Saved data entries
● ● ● ● ● ● ●

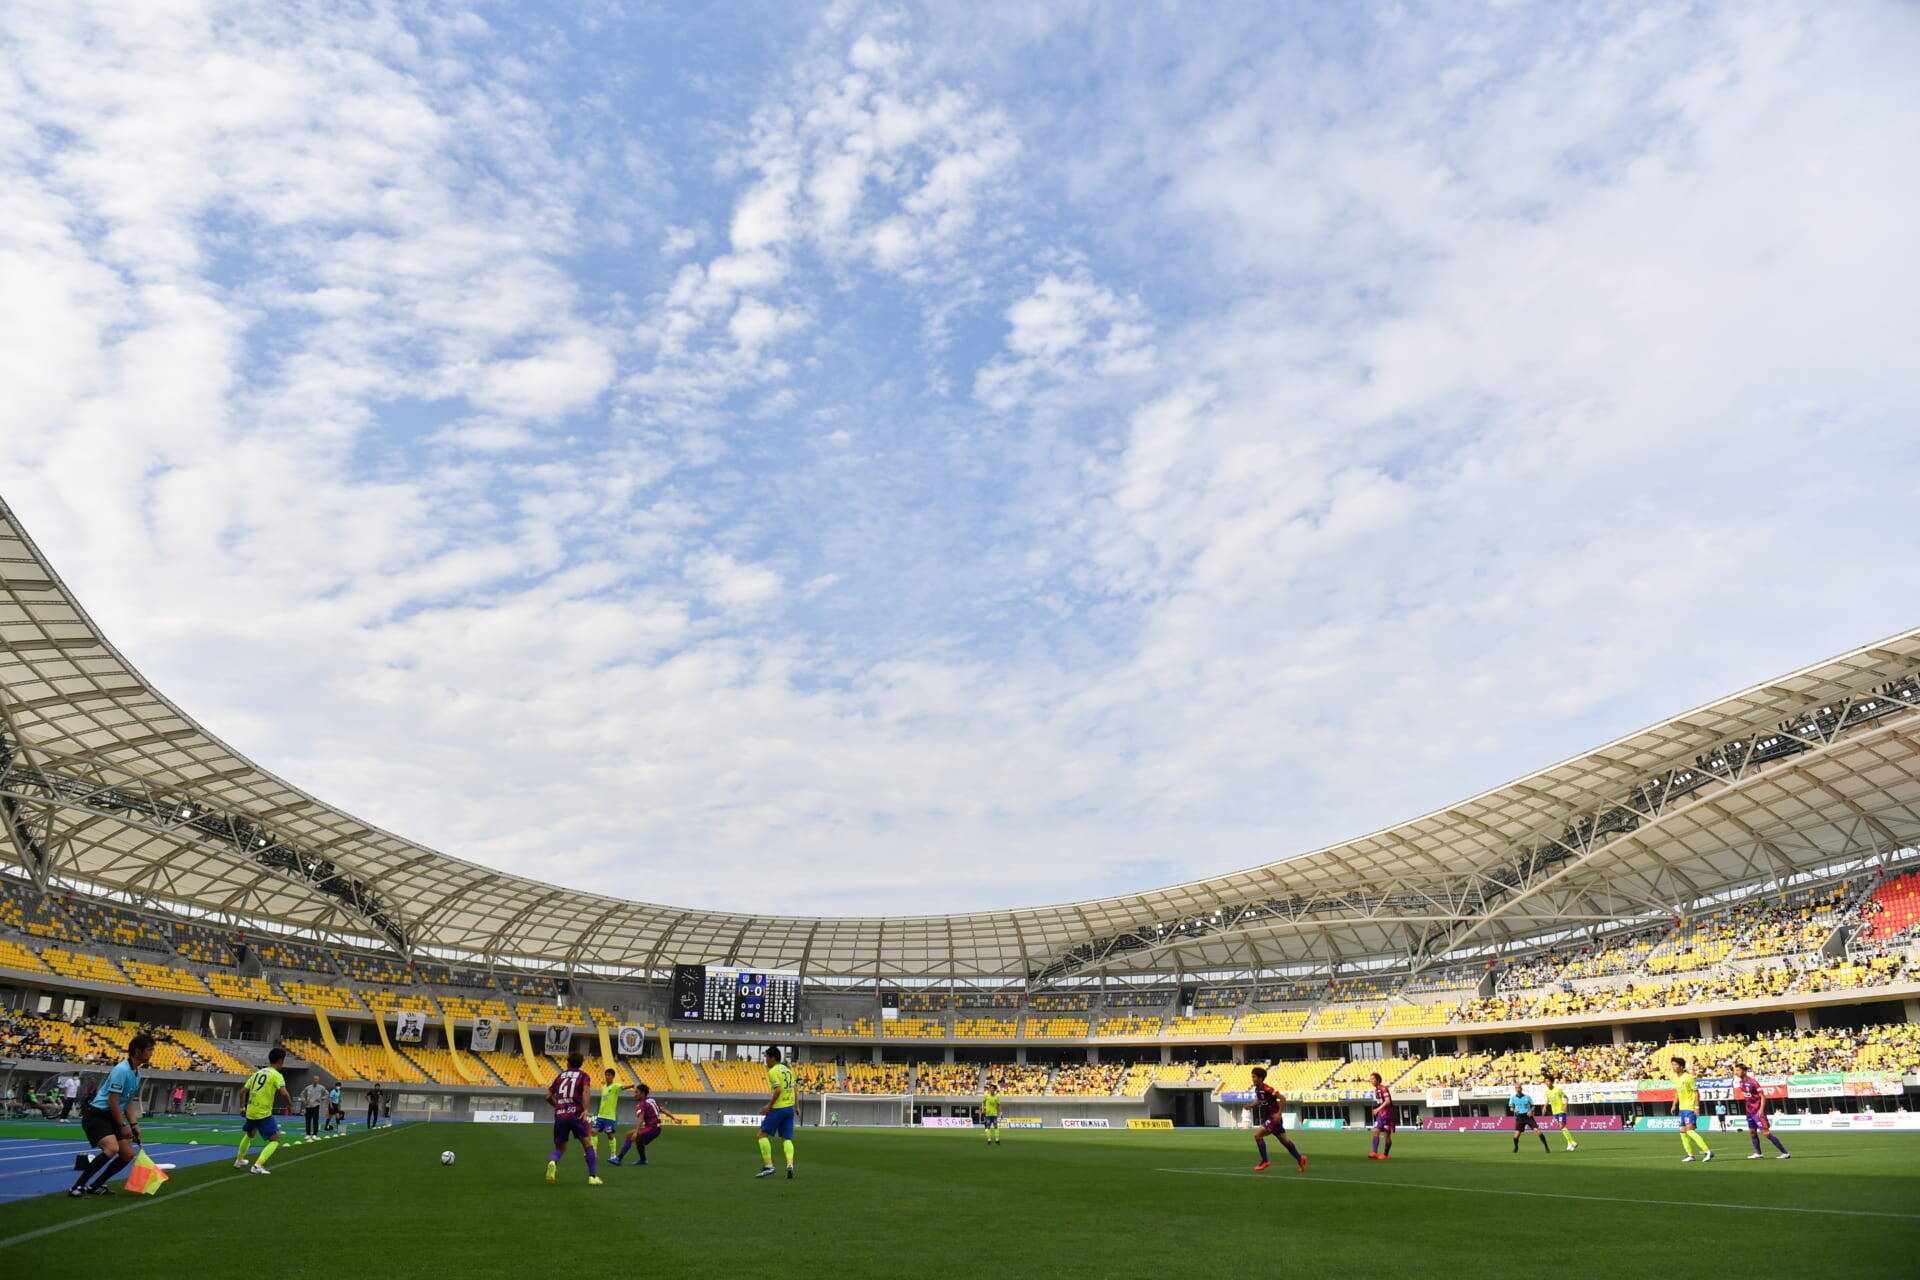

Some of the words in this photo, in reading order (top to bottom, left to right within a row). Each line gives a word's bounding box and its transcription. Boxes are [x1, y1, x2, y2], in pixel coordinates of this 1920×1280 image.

[251, 1072, 267, 1091] 19
[558, 1078, 577, 1099] 41
[1811, 1085, 1826, 1093] Cars
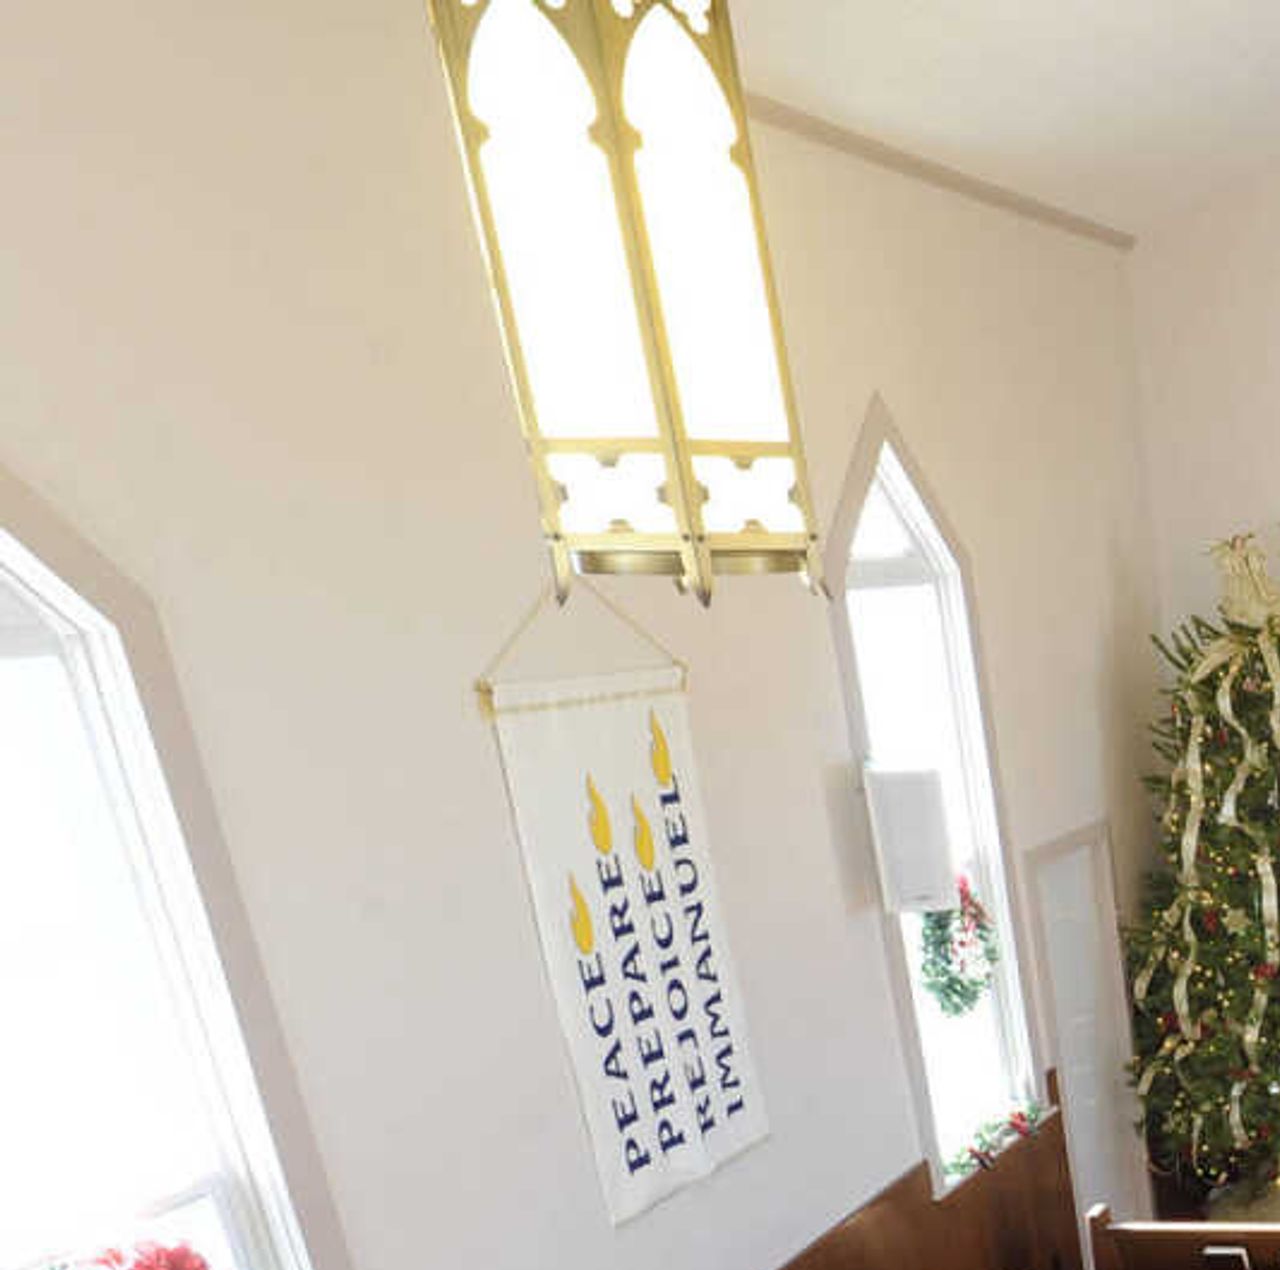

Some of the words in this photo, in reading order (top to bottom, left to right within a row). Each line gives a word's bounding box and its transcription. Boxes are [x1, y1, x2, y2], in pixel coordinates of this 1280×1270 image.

[578, 952, 652, 1175] PEACE
[596, 854, 687, 1154] PREPARE
[640, 868, 717, 1135] REJOICE
[660, 773, 744, 1119] IMMANUEL

● ● ● ● ● ● ●

### [The problem]
Pictures aside, repeat every entry exactly as written.

### [Exercise solution]
Some of the words in this photo, in reading order (top to bottom, left to right within a row). Each line gives a word's bounding box and its transcription. Boxes are [x1, y1, x2, y2], in pixel coordinates of this 1920×1280 image.

[251, 1072, 267, 1091] 19
[558, 1078, 577, 1099] 41
[1811, 1085, 1826, 1093] Cars

Some of the words in this photo, in reading order (top to bottom, left to right within a row). Each line gives a word's bounding box and its transcription. Boxes are [x1, y1, x2, y2], in pixel coordinates of this 1280×1270 image.

[578, 952, 652, 1175] PEACE
[596, 854, 687, 1154] PREPARE
[640, 868, 717, 1135] REJOICE
[660, 773, 744, 1119] IMMANUEL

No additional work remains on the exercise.